> _What the exercise asks_: The entries are to be given back verbatim; no picture is to be copied.

Saved entries:
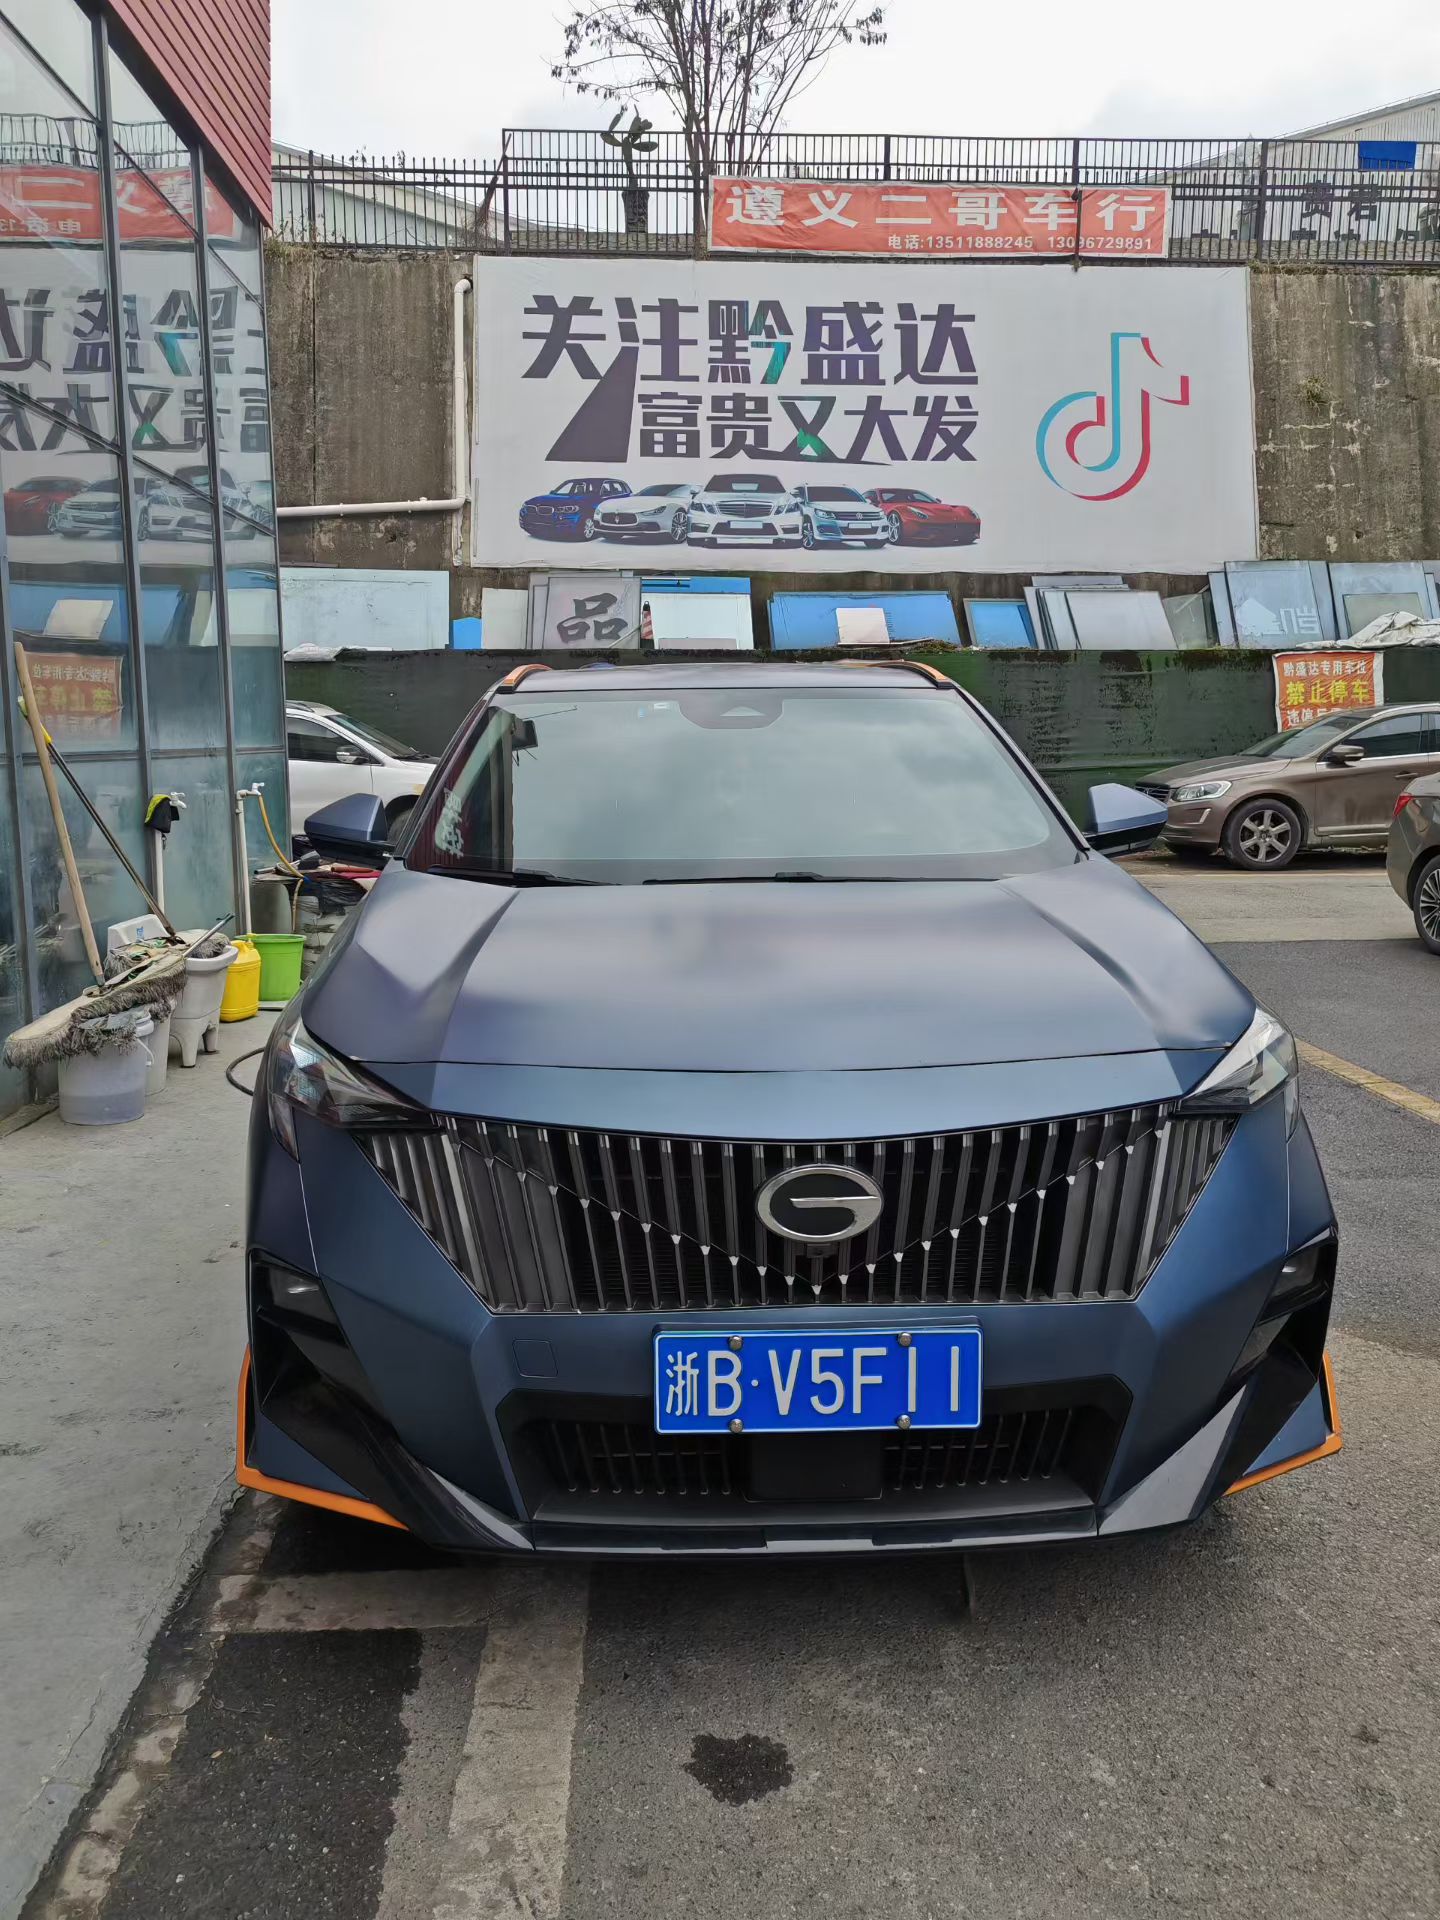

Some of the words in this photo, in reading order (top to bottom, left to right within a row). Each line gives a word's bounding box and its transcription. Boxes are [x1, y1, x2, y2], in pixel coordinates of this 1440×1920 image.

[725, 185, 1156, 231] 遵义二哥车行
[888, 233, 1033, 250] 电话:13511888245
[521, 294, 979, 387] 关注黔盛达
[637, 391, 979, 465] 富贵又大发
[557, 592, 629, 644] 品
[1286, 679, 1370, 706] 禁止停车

> _Response to this task_:
Some of the words in this photo, in reading order (top to bottom, left to right within a row). Each line gives a word's bounding box and its transcription. Boxes are [x1, y1, x2, y2], in pixel coordinates of this 1440×1920 image.

[725, 185, 1156, 231] 遵义二哥车行
[888, 233, 1033, 250] 电话:13511888245
[521, 294, 979, 387] 关注黔盛达
[637, 391, 979, 465] 富贵又大发
[557, 592, 629, 644] 品
[1286, 679, 1370, 706] 禁止停车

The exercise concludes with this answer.